■ Problem details ■
Write out the listing below exactly, and omit any images you find in it.

■ Provided entries ■
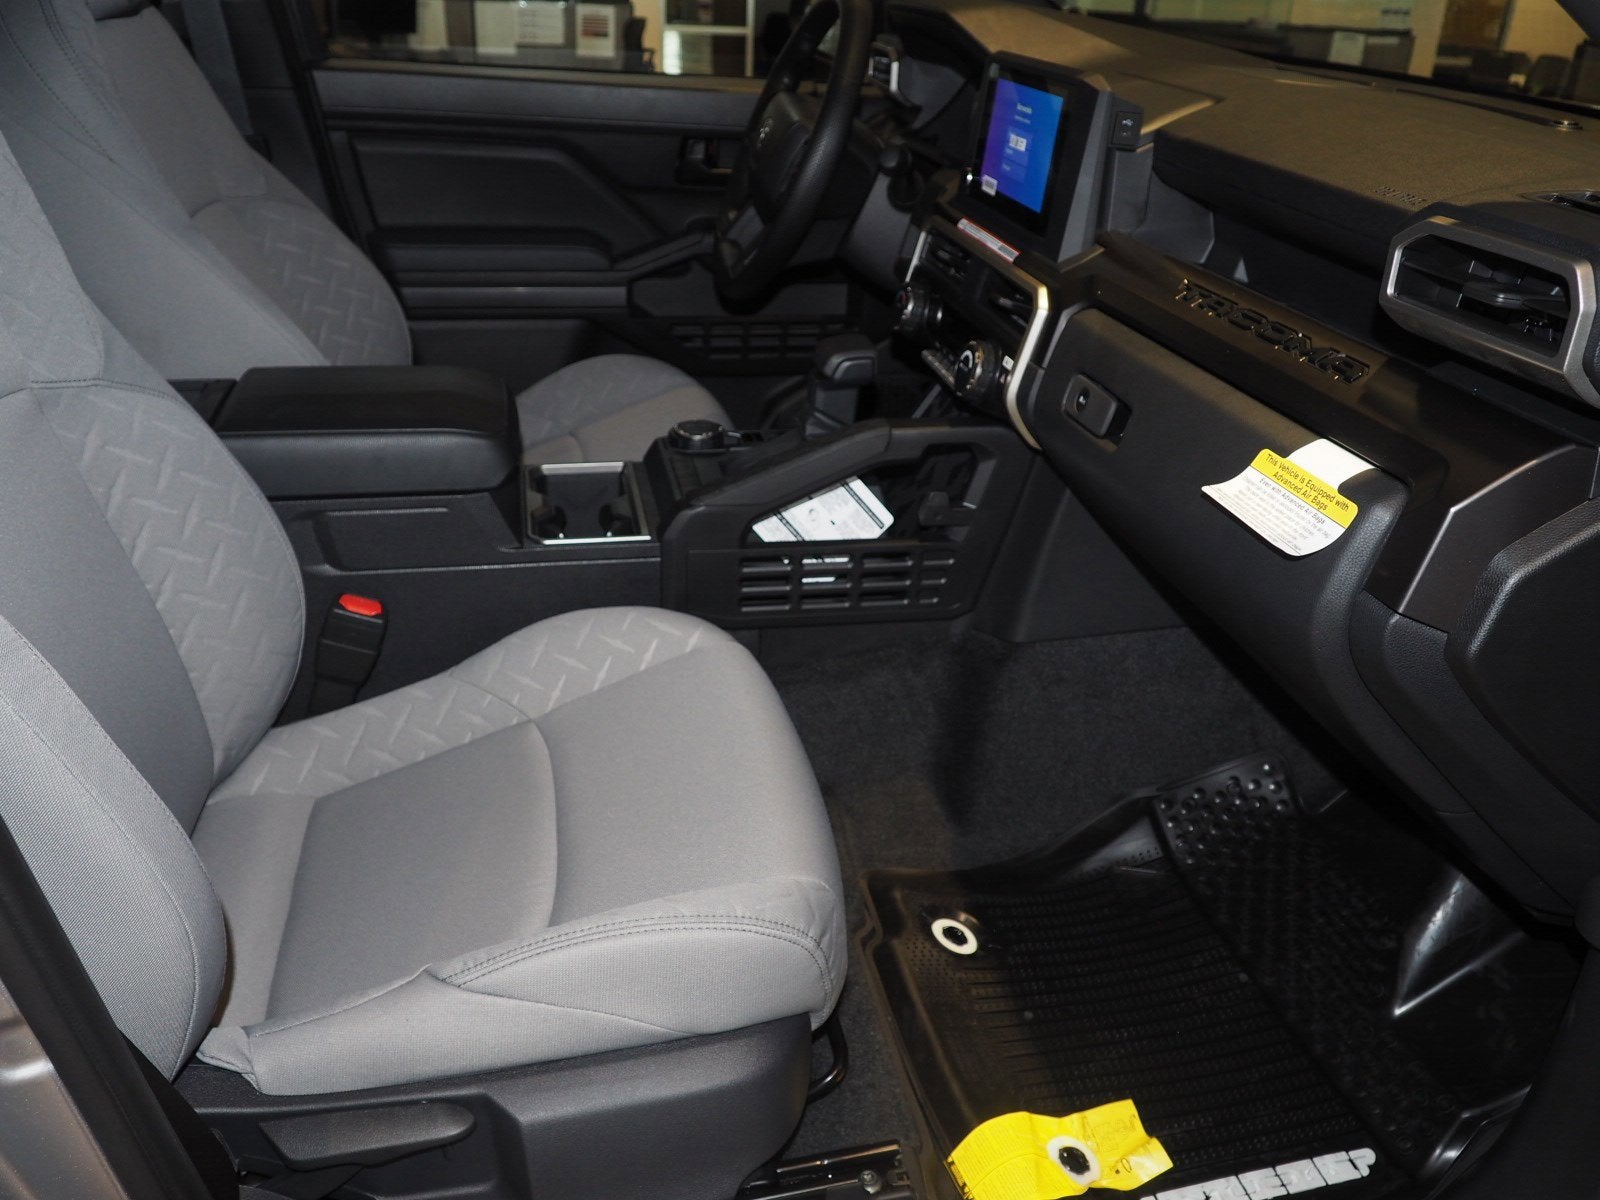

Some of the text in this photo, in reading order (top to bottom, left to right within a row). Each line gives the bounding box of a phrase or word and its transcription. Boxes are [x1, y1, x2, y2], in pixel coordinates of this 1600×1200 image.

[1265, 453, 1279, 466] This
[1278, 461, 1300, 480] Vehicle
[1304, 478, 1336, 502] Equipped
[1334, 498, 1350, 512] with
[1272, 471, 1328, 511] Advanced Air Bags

■ Solution ■
Some of the text in this photo, in reading order (top to bottom, left to right within a row). Each line gives the bounding box of a phrase or word and its transcription. Boxes are [x1, y1, x2, y2], in pixel coordinates of this 1600×1200 image.

[1265, 453, 1279, 466] This
[1278, 461, 1300, 480] Vehicle
[1304, 478, 1336, 502] Equipped
[1334, 498, 1350, 512] with
[1272, 471, 1328, 511] Advanced Air Bags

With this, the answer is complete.